**Dataset entries**
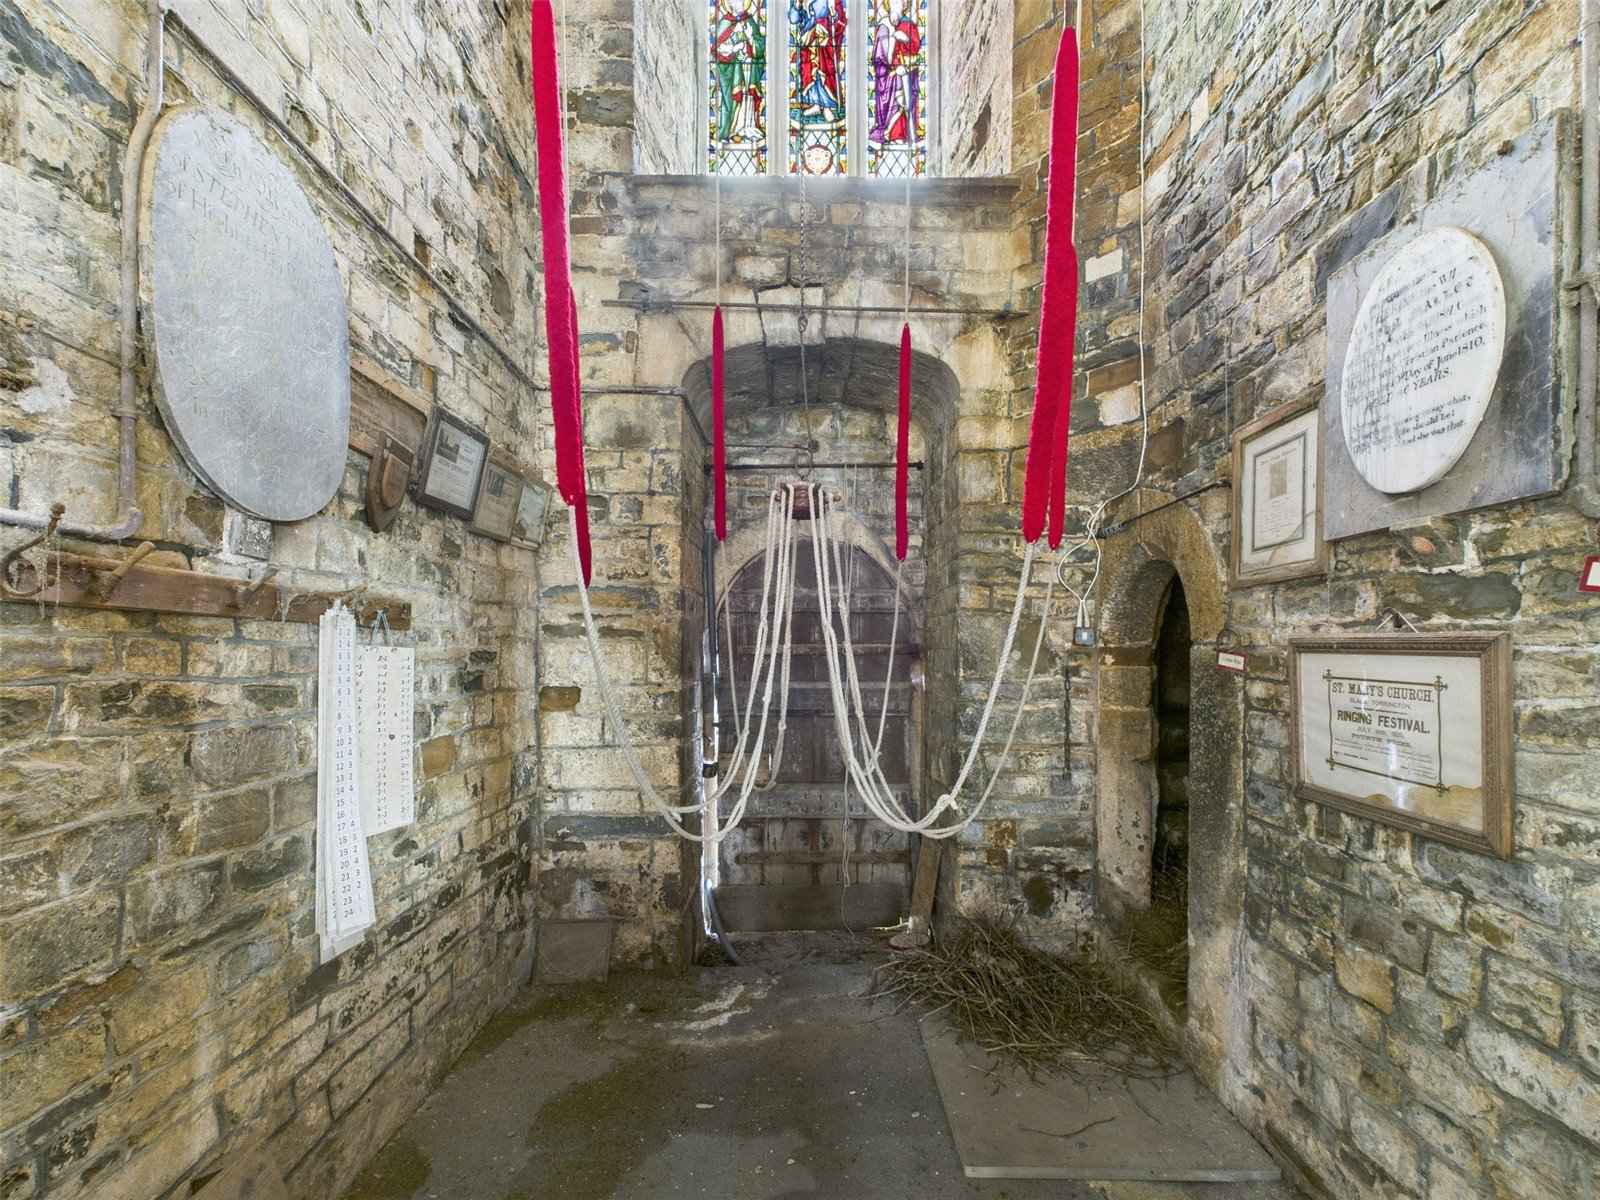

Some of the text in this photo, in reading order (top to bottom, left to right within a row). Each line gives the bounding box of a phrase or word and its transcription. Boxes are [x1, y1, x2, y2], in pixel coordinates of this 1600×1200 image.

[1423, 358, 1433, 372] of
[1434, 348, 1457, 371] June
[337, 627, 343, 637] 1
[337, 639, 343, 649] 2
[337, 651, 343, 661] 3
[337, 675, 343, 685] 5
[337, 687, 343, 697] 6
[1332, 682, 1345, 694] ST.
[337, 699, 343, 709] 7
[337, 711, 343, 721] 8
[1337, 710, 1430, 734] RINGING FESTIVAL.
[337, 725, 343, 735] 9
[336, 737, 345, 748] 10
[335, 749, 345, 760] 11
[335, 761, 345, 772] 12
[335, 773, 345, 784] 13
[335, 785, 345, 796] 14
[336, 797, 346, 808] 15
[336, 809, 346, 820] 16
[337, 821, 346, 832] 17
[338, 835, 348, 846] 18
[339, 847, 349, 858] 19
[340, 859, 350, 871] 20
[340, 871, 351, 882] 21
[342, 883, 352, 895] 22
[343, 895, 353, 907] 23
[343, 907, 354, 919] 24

**REQUIREMENT**
Pictures are to be dropped, and every record is to be copied exactly.

**ANSWER SPACE**
Some of the text in this photo, in reading order (top to bottom, left to right within a row). Each line gives the bounding box of a phrase or word and its transcription. Boxes are [x1, y1, x2, y2], in pixel coordinates of this 1600×1200 image.

[1423, 358, 1433, 372] of
[1434, 348, 1457, 371] June
[337, 627, 343, 637] 1
[337, 639, 343, 649] 2
[337, 651, 343, 661] 3
[337, 675, 343, 685] 5
[337, 687, 343, 697] 6
[1332, 682, 1345, 694] ST.
[337, 699, 343, 709] 7
[337, 711, 343, 721] 8
[1337, 710, 1430, 734] RINGING FESTIVAL.
[337, 725, 343, 735] 9
[336, 737, 345, 748] 10
[335, 749, 345, 760] 11
[335, 761, 345, 772] 12
[335, 773, 345, 784] 13
[335, 785, 345, 796] 14
[336, 797, 346, 808] 15
[336, 809, 346, 820] 16
[337, 821, 346, 832] 17
[338, 835, 348, 846] 18
[339, 847, 349, 858] 19
[340, 859, 350, 871] 20
[340, 871, 351, 882] 21
[342, 883, 352, 895] 22
[343, 895, 353, 907] 23
[343, 907, 354, 919] 24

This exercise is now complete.